Francesca Comencini al 55° Festival di Cannes
Il 20 luglio di Carlo Giuliani
La regista presenta fuori concorso il documentario sul ragazzo ucciso a Genova durante la manifestazione contro il G8, realizzato utilizzando una parte del materiale filmato per "Un mondo diverso è possibile"
(bolognesi)"L’idea di fare questo film è nata di getto, nel momento stesso in cui dichiaravo che l’avrei fatto, durante una conferenza stampa a Venezia in cui, insieme ai miei colleghi, presentavo il film collettivo 'Un mondo diverso è possibile'": così Francesca Comencini racconta la nascita del suo film documentario "Carlo Giuliani, ragazzo", che come il suo ormai famoso 'padre' racconta i fatti avvenuti ormai quasi un anno fa, il 20 luglio 2001, a Genova, in occasione della manifestazione. E' un fatto di cronaca che ha sconvolto e diviso l'opinione pubblica, lasciando un'impronta profonda di cui ancora oggi alcuni pagano le conseguenze, che ancora oggi continua a far discutere.
Francesca Comencini quel famigerato 20 luglio era lì, a Genova, insieme ad altri 33 registi italiani, per rendere testimonianza insieme a loro di quanto stava per accadere. Il materiale da lei e da loro girato ha dato origine, grazie al coordinamento di Citto Maselli, a "Un mondo diverso è possibile", documento più che documentario di valore etico ed estetico così alto da avere letteralmente fatto il giro del mondo, accolto da Festival e manifestazioni.
La Comencini ha voluto però estrarre un episodio da tutto questo materiale: "Forse perché ho sentito le parole di Giuliano Giuliani, la sera stessa, a Genova, e la loro calma, la loro volontà di pacificazione, la loro dolcezza mi hanno così profondamente colpita, venendo da un uomo a cui avevano ucciso il figlio; forse perché ho sentito la protervia che, invece, animava, in quelle stesse ore, le parole dei nostri politici, senza nessuna reale pietà per quel ragazzo, cittadino del nostro paese, del loro paese, così tragicamente ucciso. Forse perché sono stata indignata dalla diffamazione di cui, dal giorno stesso della sua morte, Carlo Giuliani è stato oggetto, mettendo in piazza tutte le sue presunte vite, con rozzezza, grossolanità, menzogne, alle quali lui non poteva più rispondere". E ha perciò deciso di fare un altro documentario, che seguisse passo passo il 20 luglio di Carlo Giuliani, 23 anni, genovese, ucciso da un colpo di pistola partito da una camionetta dei carabinieri. Triat-d'union fra la sua vicenda personale ma così emblematica e quella della moltitudine coinvolta nel corteo, la faccia, la voce e le parole di Haidi Gaggio Giuliani, madre di Carlo.

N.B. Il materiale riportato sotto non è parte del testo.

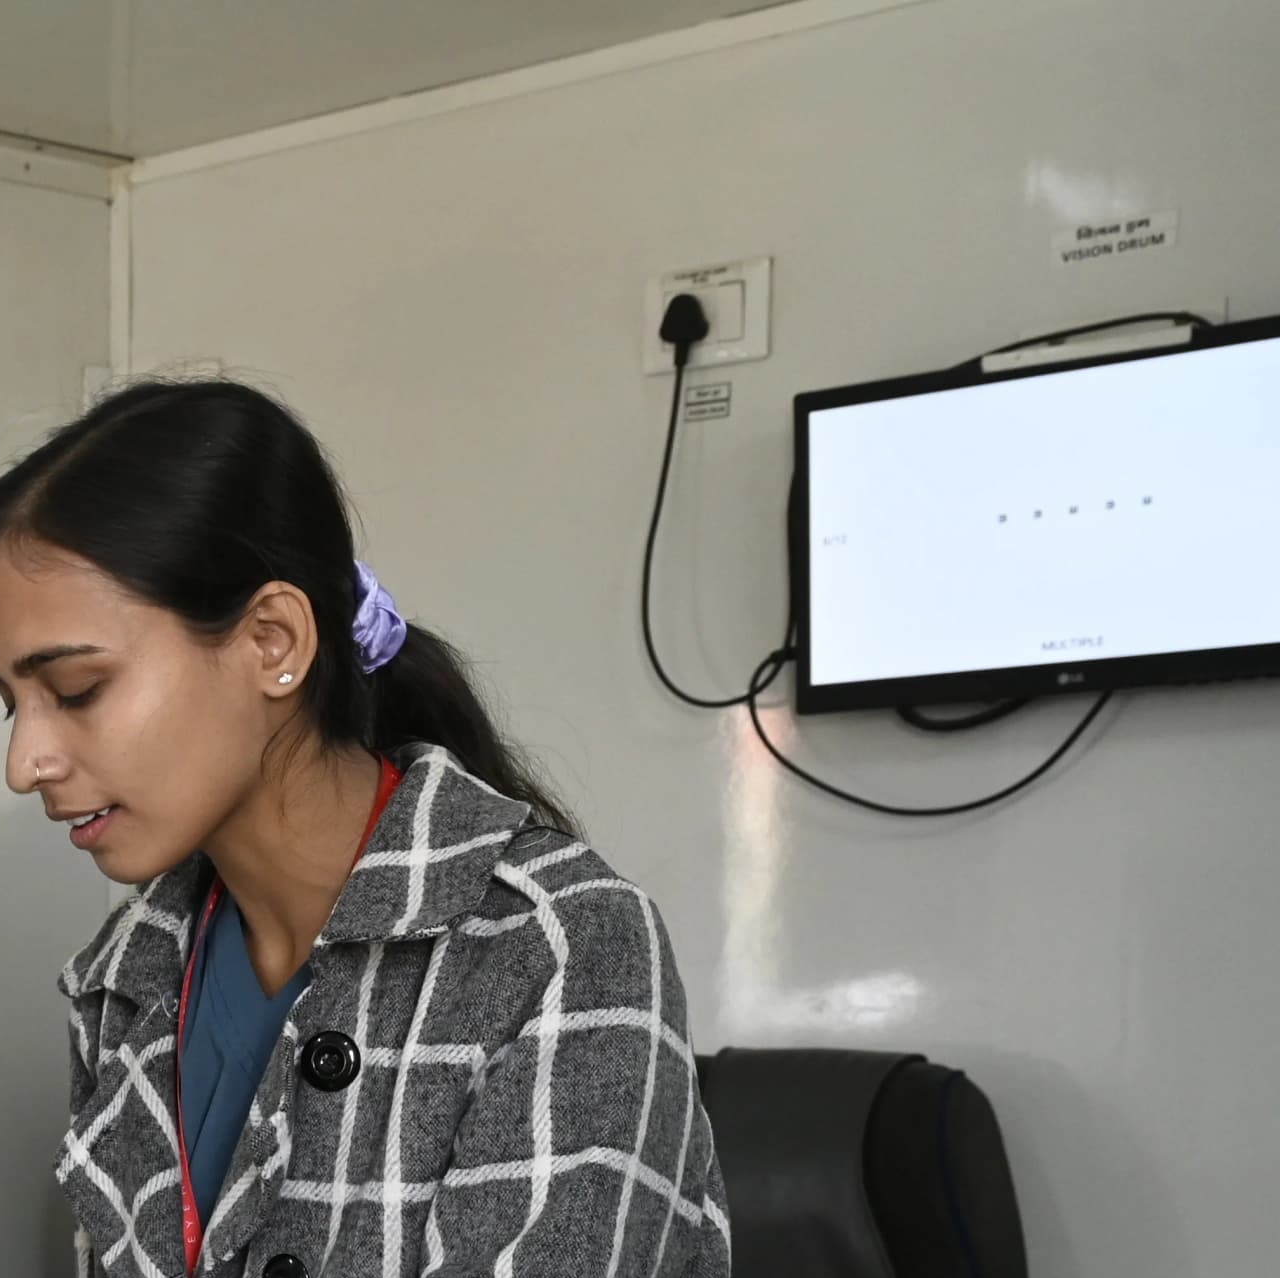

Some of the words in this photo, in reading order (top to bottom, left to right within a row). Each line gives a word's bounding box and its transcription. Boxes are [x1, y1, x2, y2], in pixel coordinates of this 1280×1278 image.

[1061, 244, 1113, 262] VISION
[1117, 233, 1165, 252] DRUM
[1041, 635, 1104, 651] MULTIPLE

Realizzato con il contributo dei materiali filmati dagli autori di "Un mondo diverso è possibile", con il sostegno dello scrittore Erri De Luca, che ha fra l'altro tradotto una poesia in latino di Carlo Giuliani, e di Carlo Orlando che ha prestato la sua voce per la lettura dei testi dello stesso Giuliani, il documentario sarà presentato al Festival di Cannes fuori concorso.